Task goal
Only text is carried over. Reproduce the entries below exactly.

Data supplied

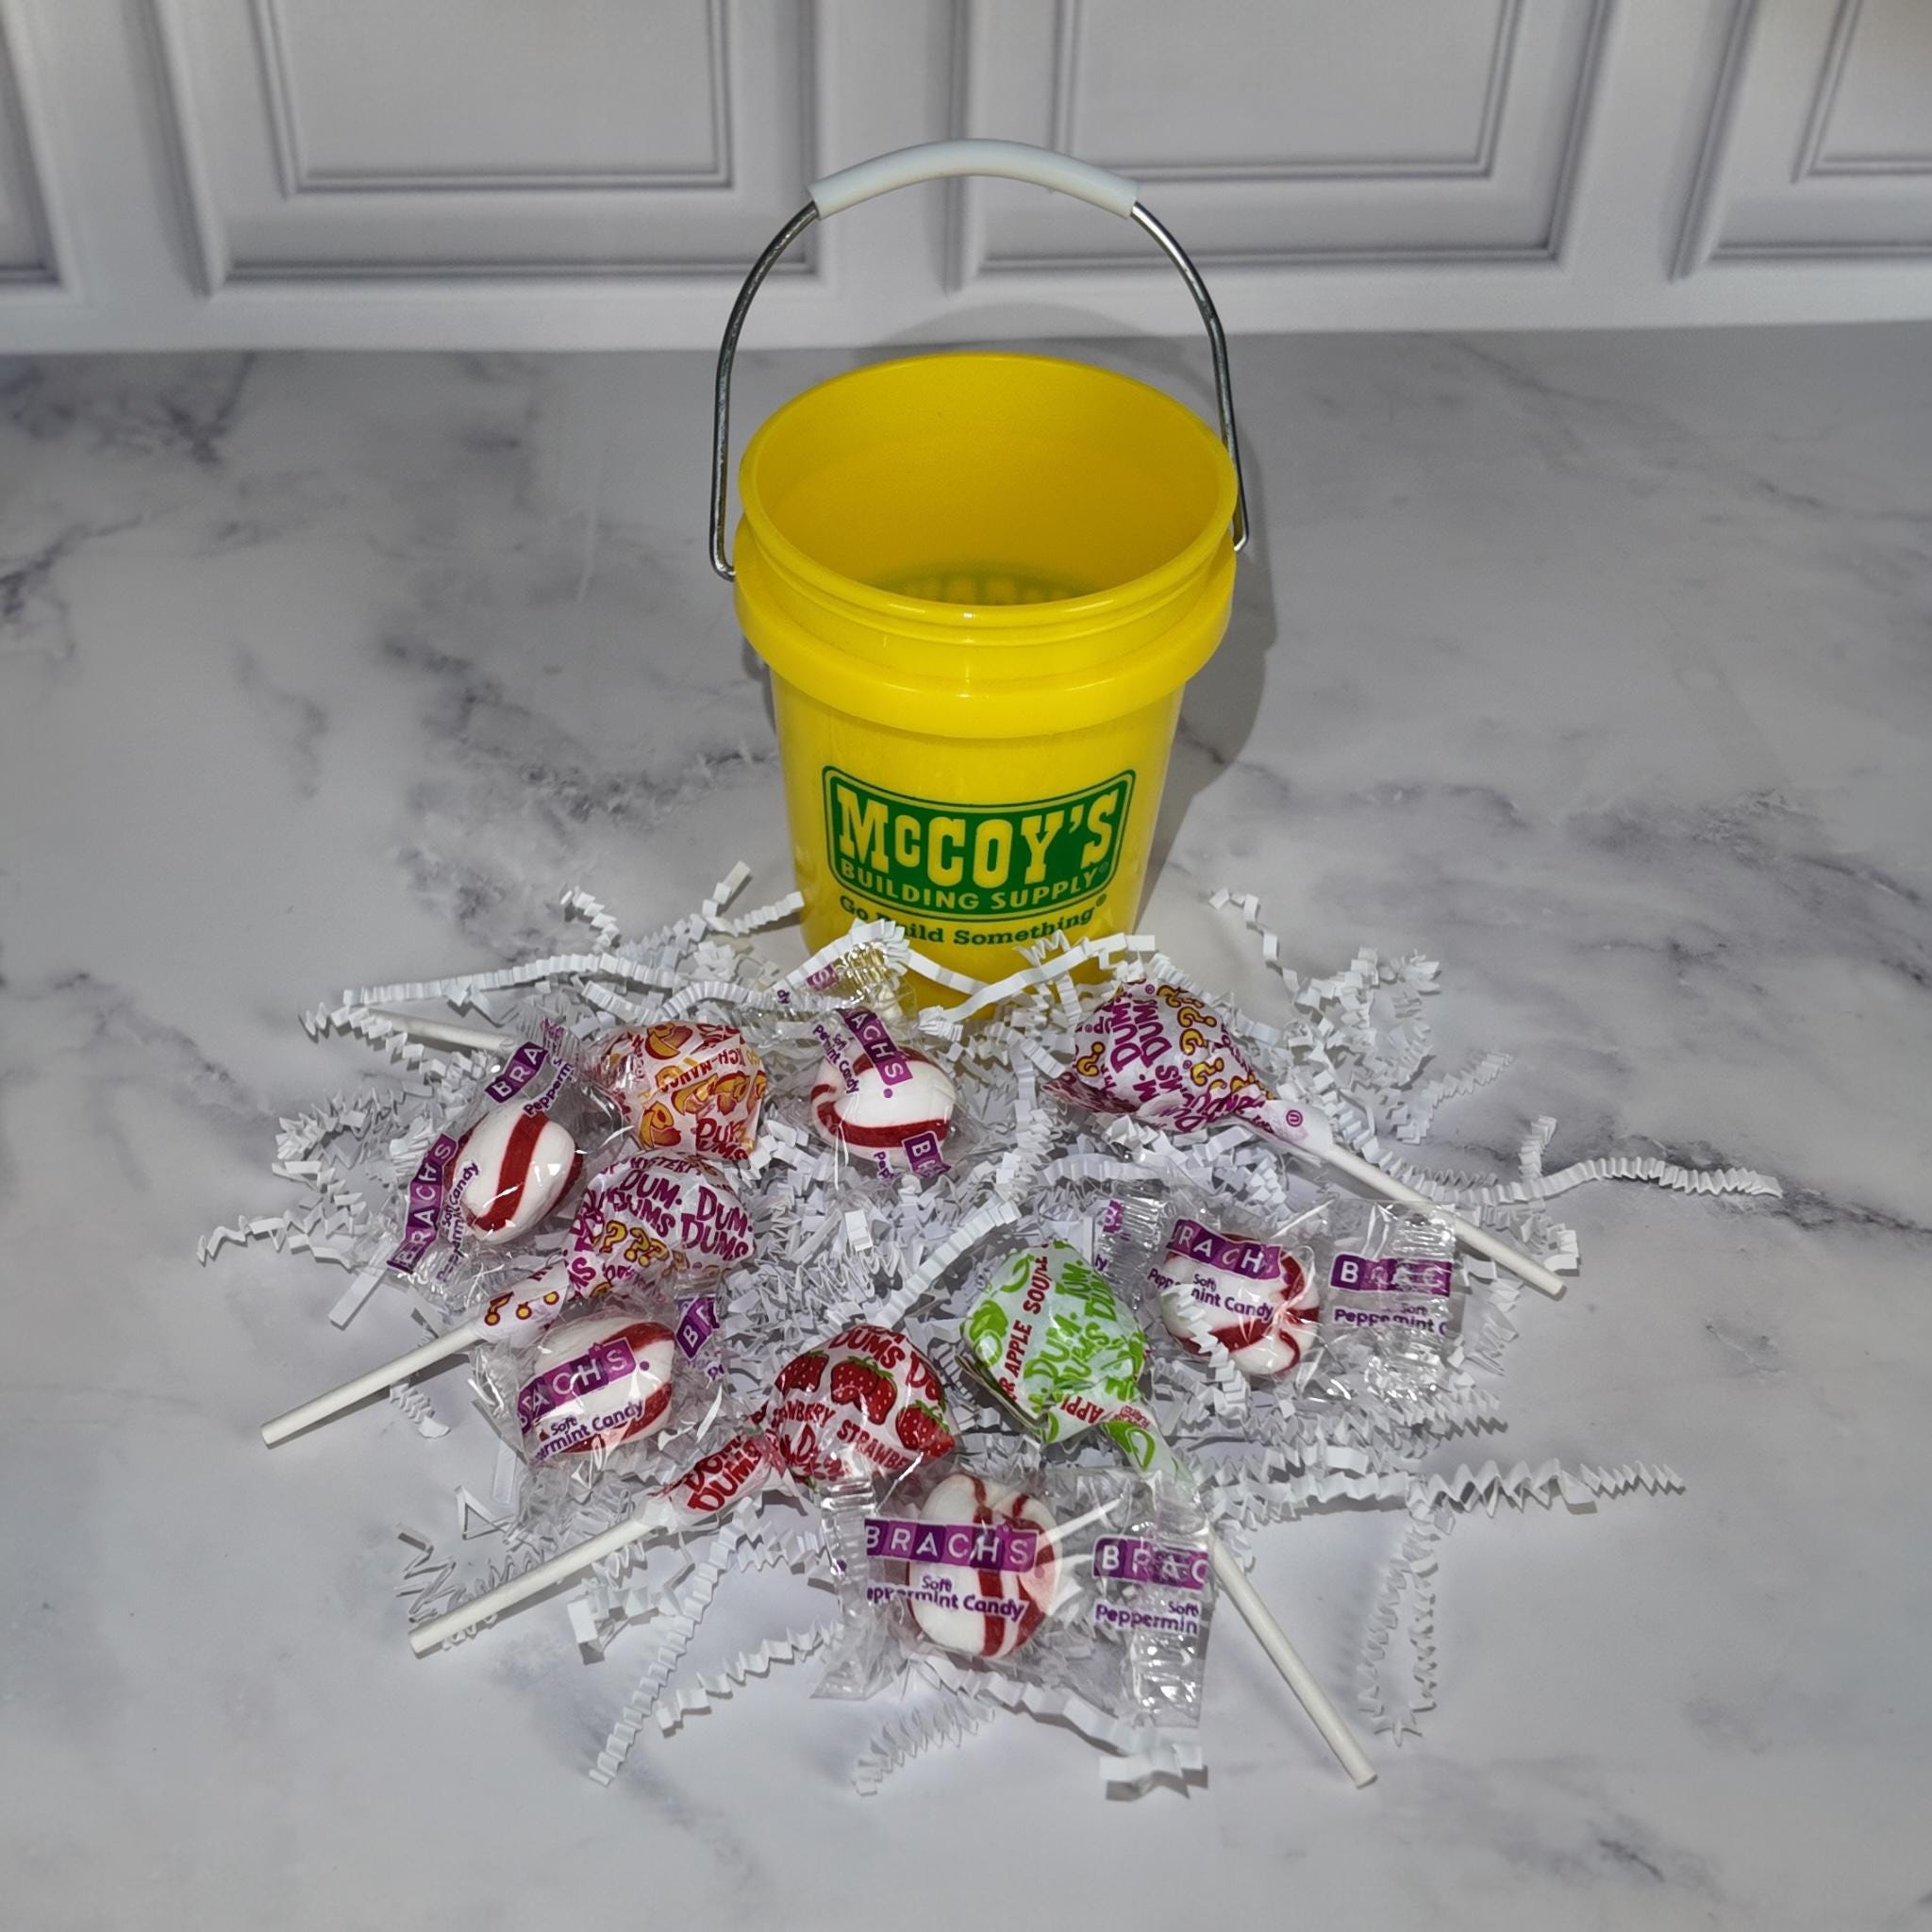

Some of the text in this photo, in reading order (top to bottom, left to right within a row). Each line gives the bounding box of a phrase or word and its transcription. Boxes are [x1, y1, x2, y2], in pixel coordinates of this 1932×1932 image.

[840, 858, 980, 911] BUILDING
[840, 894, 869, 922] Go
[680, 1212, 749, 1261] DUMS
[1224, 1296, 1274, 1321] Candy
[1005, 1320, 1032, 1378] APPLE
[550, 1415, 578, 1435] Soft
[591, 1399, 643, 1431] Candy
[963, 1594, 1024, 1622] Candy

Task result
Some of the text in this photo, in reading order (top to bottom, left to right within a row). Each line gives the bounding box of a phrase or word and its transcription. Boxes are [x1, y1, x2, y2], in pixel coordinates of this 1932×1932 image.

[840, 858, 980, 911] BUILDING
[840, 894, 869, 922] Go
[680, 1212, 749, 1261] DUMS
[1224, 1296, 1274, 1321] Candy
[1005, 1320, 1032, 1378] APPLE
[550, 1415, 578, 1435] Soft
[591, 1399, 643, 1431] Candy
[963, 1594, 1024, 1622] Candy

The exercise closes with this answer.